#### WORK TO COMPLETE
Word for word, repeat the entries, minus the pictures.
[MATERIAL FOR THE TASK Boundary: Start]
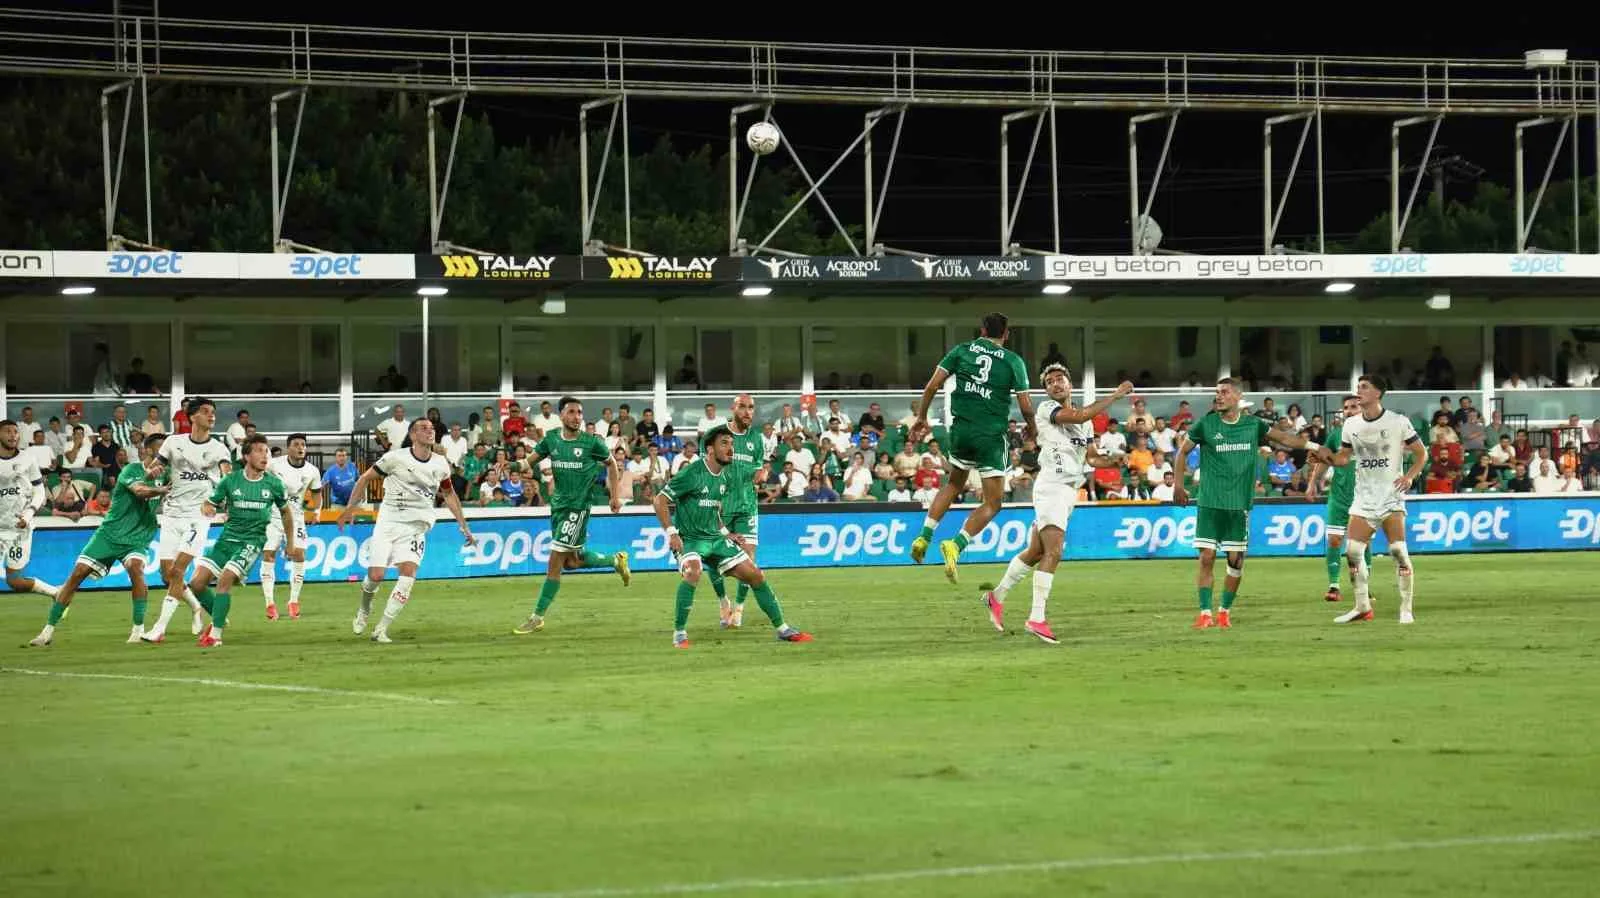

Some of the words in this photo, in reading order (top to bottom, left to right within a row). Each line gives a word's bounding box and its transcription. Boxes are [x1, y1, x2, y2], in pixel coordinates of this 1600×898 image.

[107, 252, 183, 276] opet
[290, 254, 361, 277] opet
[479, 256, 555, 271] TALAY
[643, 257, 717, 271] TALAY
[782, 265, 820, 278] AURA
[825, 260, 881, 271] ACROPOL
[935, 264, 973, 278] AURA
[976, 260, 1031, 272] ACROPOL
[1053, 260, 1107, 277] grey
[1114, 257, 1181, 273] beton
[1197, 260, 1250, 277] grey
[1258, 256, 1323, 272] beton
[1370, 255, 1427, 274] opet
[1509, 255, 1566, 274] opet
[484, 271, 551, 279] LOGISTICS
[971, 354, 993, 384] 3
[1360, 457, 1389, 469] opet
[190, 530, 197, 542] 7
[1113, 515, 1197, 553] ope
[1412, 506, 1510, 548] opet
[798, 519, 907, 561] opet
[9, 547, 23, 560] 68
[460, 530, 552, 570] ope
[MATERIAL FOR THE TASK Boundary: End]
#### ANSWER TO THIS PROBLEM
Some of the words in this photo, in reading order (top to bottom, left to right within a row). Each line gives a word's bounding box and its transcription. Boxes are [x1, y1, x2, y2], in pixel coordinates of this 1600×898 image.

[107, 252, 183, 276] opet
[290, 254, 361, 277] opet
[479, 256, 555, 271] TALAY
[643, 257, 717, 271] TALAY
[782, 265, 820, 278] AURA
[825, 260, 881, 271] ACROPOL
[935, 264, 973, 278] AURA
[976, 260, 1031, 272] ACROPOL
[1053, 260, 1107, 277] grey
[1114, 257, 1181, 273] beton
[1197, 260, 1250, 277] grey
[1258, 256, 1323, 272] beton
[1370, 255, 1427, 274] opet
[1509, 255, 1566, 274] opet
[484, 271, 551, 279] LOGISTICS
[971, 354, 993, 384] 3
[1360, 457, 1389, 469] opet
[190, 530, 197, 542] 7
[1113, 515, 1197, 553] ope
[1412, 506, 1510, 548] opet
[798, 519, 907, 561] opet
[9, 547, 23, 560] 68
[460, 530, 552, 570] ope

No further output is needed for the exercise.